In a Wednesday lawsuit against Escambia County School District, the plaintiffs alleged that the school system had violated the first amendment rights of students and authors by removing ten books from its system. The books allegedly removed from Escambia County School District’s catalog include “All Boys Aren’t Blue,” a memoir about the experience of a black queer boy growing up which describes graphic sexual encounters, and “The Bluest Eye,” a story that describes incest, pedophilia and masturbation. (RELATED: Biden Bemoans Banning Of Pornographic Children’s Books)

“Books are being ordered removed from libraries, or subject to restricted access within those libraries, based on an ideologically driven campaign to push certain ideas out of schools,” the lawsuit alleged. “Further, the School Board is ordering the removal against the recommendations of experts within the School District. This disregard for professional guidance underscores that the agendas underlying the removals are ideological and political, not pedagogical.”

Since May 2022, Escambia County School District has allegedly removed five books including “All Boys Aren’t Blue,” “Two Boys Kissing,” a book about two teenage boys trying to break the world record for kissing, “When Aidan Became a Brother,” a picture book about a little girl realizing she is a boy, “Out of Darkness,” which depicts sexually explicit scenes, and “Uncle Bobby’s Wedding,” a story about child accepting that her uncle is marrying another man, the lawsuit showed. The five authors of the books are listed as plaintiffs on the lawsuit.

The district has allegedly removed “The Kite Runner” which features rape and suicide attempts, “Milo Imagines the World,” a picture book about discovering cultural stereotypes, “Slaughterhouse-Five,” a book that features animals being brutally killed, “Push,” a story that features rape, and “The Bluest Eye.”

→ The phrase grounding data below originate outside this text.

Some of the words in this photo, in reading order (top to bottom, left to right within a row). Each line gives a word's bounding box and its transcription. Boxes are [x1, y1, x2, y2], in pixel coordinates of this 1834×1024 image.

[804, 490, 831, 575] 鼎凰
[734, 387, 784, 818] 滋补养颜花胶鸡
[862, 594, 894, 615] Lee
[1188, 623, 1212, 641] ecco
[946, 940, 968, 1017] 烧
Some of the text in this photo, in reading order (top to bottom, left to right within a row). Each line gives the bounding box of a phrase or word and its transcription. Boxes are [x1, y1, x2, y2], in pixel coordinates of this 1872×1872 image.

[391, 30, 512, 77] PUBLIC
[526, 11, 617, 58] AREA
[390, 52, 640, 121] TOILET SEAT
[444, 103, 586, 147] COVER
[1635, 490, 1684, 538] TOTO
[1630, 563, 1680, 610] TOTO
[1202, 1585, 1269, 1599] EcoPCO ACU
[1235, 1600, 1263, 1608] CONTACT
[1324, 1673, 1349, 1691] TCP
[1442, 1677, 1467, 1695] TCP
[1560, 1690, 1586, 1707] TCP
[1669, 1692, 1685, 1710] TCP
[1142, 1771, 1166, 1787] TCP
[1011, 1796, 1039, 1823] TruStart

“This lawsuit brings together authors whose books have been removed or restricted and parents and students in the district who cannot access the books, in a first of its kind challenge to unlawful censorship,” PEN America wrote in a press release. “Ensuring that students have access to books on a wide range of topics and that express a diversity of viewpoints is a core function of public education — preparing students to be thoughtful and engaged citizens.”

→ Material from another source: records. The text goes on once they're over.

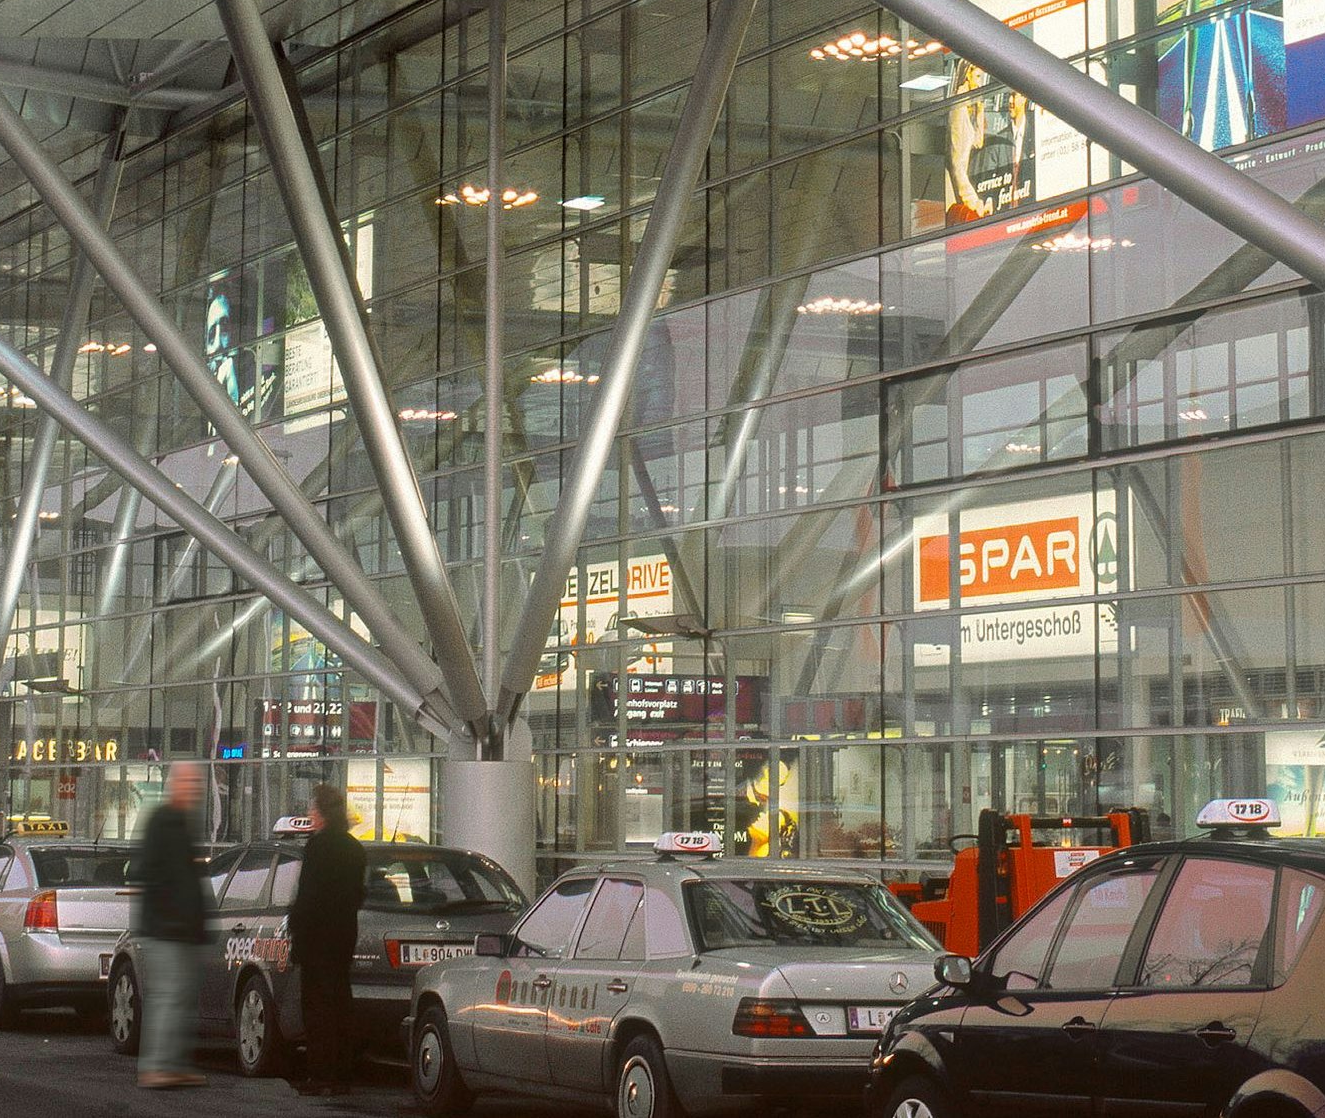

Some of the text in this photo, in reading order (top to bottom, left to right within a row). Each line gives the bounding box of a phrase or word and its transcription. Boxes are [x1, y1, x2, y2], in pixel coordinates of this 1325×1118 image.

[1265, 149, 1296, 164] Entwurf
[977, 172, 1013, 193] service to
[997, 179, 1031, 211] feel well
[960, 530, 1076, 586] SPAR
[976, 610, 1081, 645] Untergeschoß
[293, 704, 312, 715] und
[30, 823, 64, 831] TAXI

A student in the library reads a book after receiving candy and a red envelope in a cultural celebration of the Lunar New Year at Yung Wing School P.S. 124 on February 02, 2022 in New York City. NYC schools were closed yesterday in observance of what is considered the most important day in the Chinese calendar with the start of the New Year. This event is not only relevant in Asia, but also in other countries where this Chinese tradition is respected and celebrated and is on the table to become the next US Federal Holiday. (Photo by Michael Loccisano/Getty Images)

A student in the library reads a book after receiving candy and a red envelope in a cultural celebration of the Lunar New Year at Yung Wing School P.S. 124 on February 02, 2022 in New York City. (Photo by Michael Loccisano/Getty Images)

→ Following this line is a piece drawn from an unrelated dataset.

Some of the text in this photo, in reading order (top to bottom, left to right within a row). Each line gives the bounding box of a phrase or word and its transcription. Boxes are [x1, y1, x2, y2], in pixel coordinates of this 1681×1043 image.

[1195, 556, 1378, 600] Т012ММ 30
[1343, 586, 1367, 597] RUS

PEN America confirmed to the Daily Caller News Foundation on May 12 that the organization’s 2021-2022 “Index of School Book Bans” includes books that are no longer banned or were never banned in the first place. The Heritage Foundation found that 74% of the 2,532 books listed on PEN America’s report are still available in schools.

In January, the Florida Department of Education approved a rule that requires librarians to go through training on what material is sexually explicit and “harmful to minors” out of schools. The training requires that librarians include parents in “all aspects” of choosing materials that are held in school libraries.

Escambia County School District declined to comment and the attorneys for the plaintiffs did not immediately respond to the DCNF’s request for comment.